- **YOUR TASK**
Word for word, write out the entries that follow, omitting all pictures.

- **TASK INPUTS**
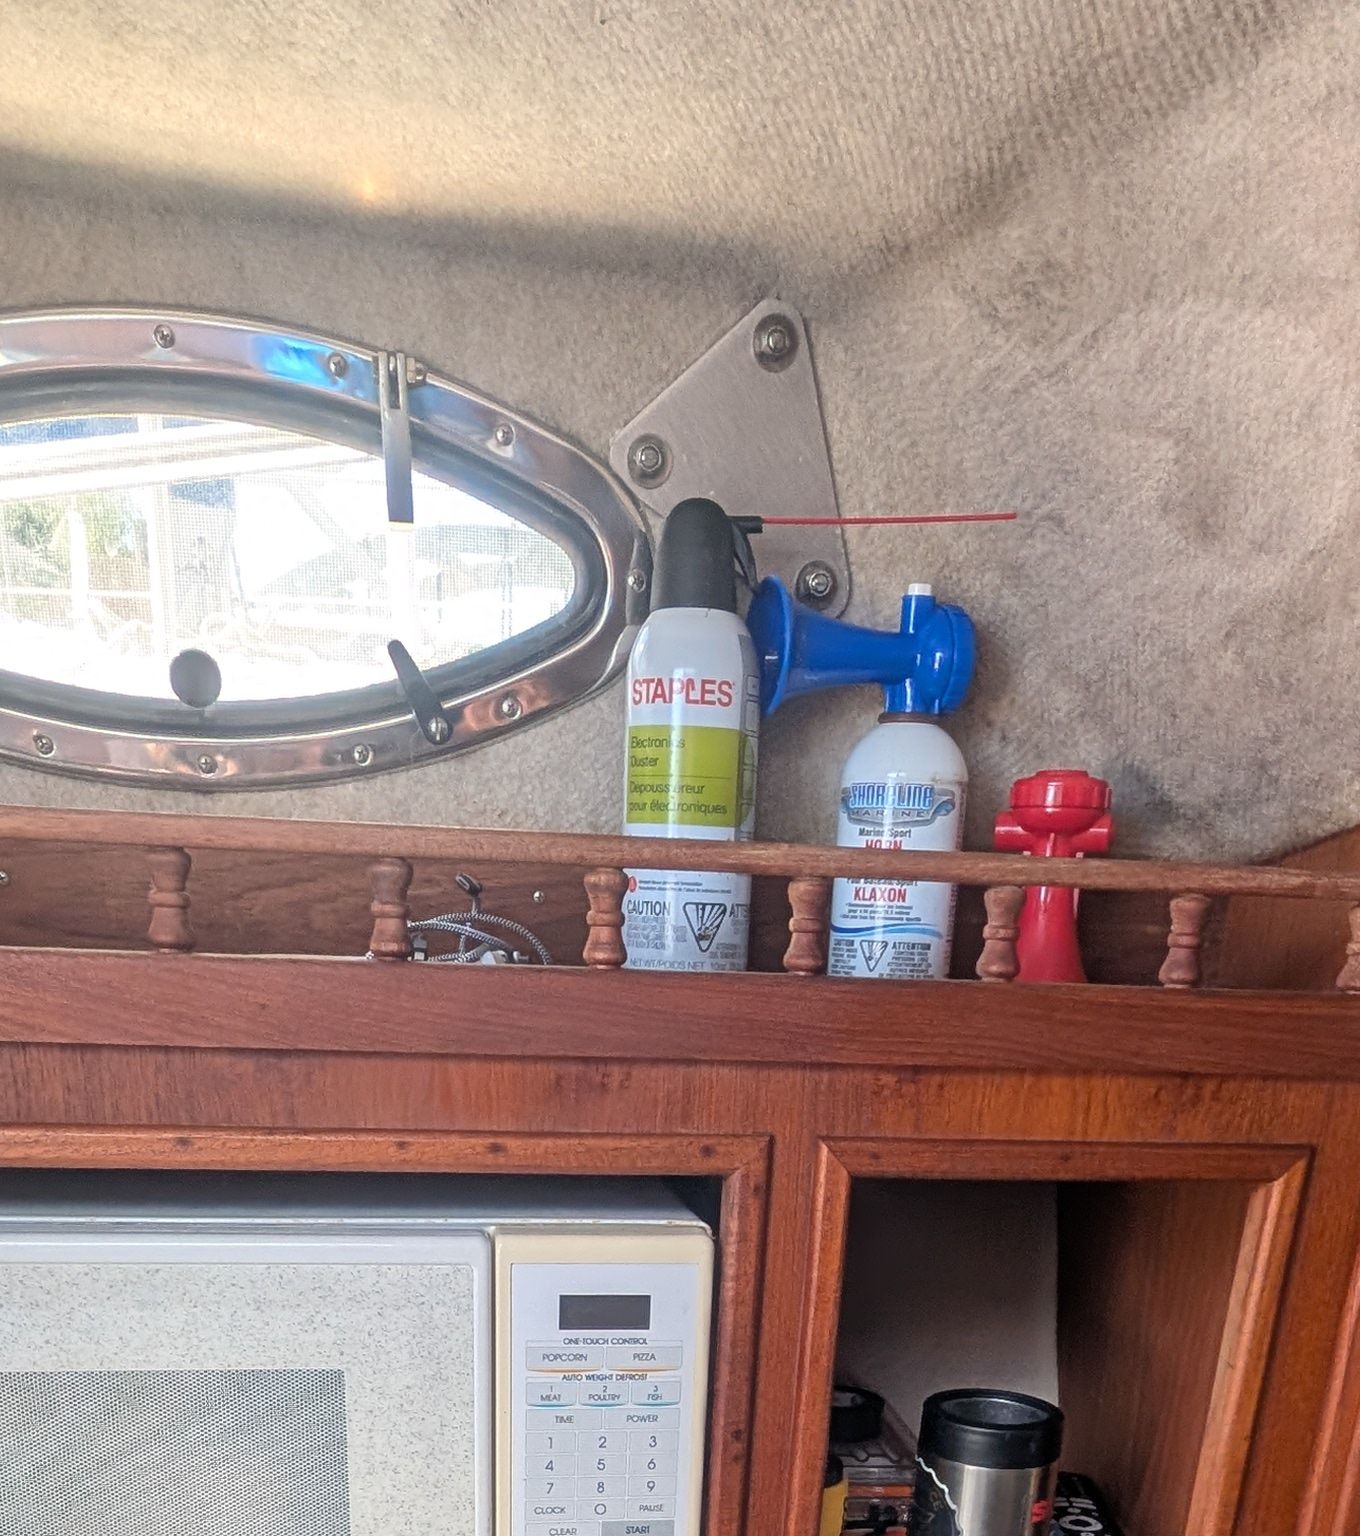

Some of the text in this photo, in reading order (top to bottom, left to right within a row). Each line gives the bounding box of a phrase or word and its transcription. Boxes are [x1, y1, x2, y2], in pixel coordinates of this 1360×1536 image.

[632, 676, 733, 708] STAPLES
[630, 736, 686, 749] Electronis
[629, 756, 660, 768] Duster
[851, 810, 925, 818] MARINE
[888, 828, 912, 838] Sport
[853, 886, 907, 903] KLAXON
[626, 899, 671, 917] CAUTION
[610, 1337, 648, 1345] CONTROL
[542, 1353, 588, 1362] POPCORN
[632, 1353, 657, 1361] PIZZA
[585, 1374, 614, 1382] WEIGHT
[615, 1373, 648, 1381] DEFROST
[555, 1415, 575, 1423] TIME
[548, 1437, 553, 1449] 1
[598, 1436, 607, 1448] 2
[649, 1435, 657, 1448] 3
[545, 1460, 554, 1471] 4
[596, 1459, 606, 1471] 5
[647, 1458, 656, 1470] 6
[546, 1482, 554, 1494] 7
[596, 1481, 605, 1493] 8
[647, 1480, 656, 1492] 9
[534, 1506, 566, 1515] CLOCK
[639, 1504, 663, 1512] PAUSE
[549, 1527, 577, 1536] CLEAR
[625, 1525, 650, 1534] START

- **ANSWER TO THE PROBLEM**
Some of the text in this photo, in reading order (top to bottom, left to right within a row). Each line gives the bounding box of a phrase or word and its transcription. Boxes are [x1, y1, x2, y2], in pixel coordinates of this 1360×1536 image.

[632, 676, 733, 708] STAPLES
[630, 736, 686, 749] Electronis
[629, 756, 660, 768] Duster
[851, 810, 925, 818] MARINE
[888, 828, 912, 838] Sport
[853, 886, 907, 903] KLAXON
[626, 899, 671, 917] CAUTION
[610, 1337, 648, 1345] CONTROL
[542, 1353, 588, 1362] POPCORN
[632, 1353, 657, 1361] PIZZA
[585, 1374, 614, 1382] WEIGHT
[615, 1373, 648, 1381] DEFROST
[555, 1415, 575, 1423] TIME
[548, 1437, 553, 1449] 1
[598, 1436, 607, 1448] 2
[649, 1435, 657, 1448] 3
[545, 1460, 554, 1471] 4
[596, 1459, 606, 1471] 5
[647, 1458, 656, 1470] 6
[546, 1482, 554, 1494] 7
[596, 1481, 605, 1493] 8
[647, 1480, 656, 1492] 9
[534, 1506, 566, 1515] CLOCK
[639, 1504, 663, 1512] PAUSE
[549, 1527, 577, 1536] CLEAR
[625, 1525, 650, 1534] START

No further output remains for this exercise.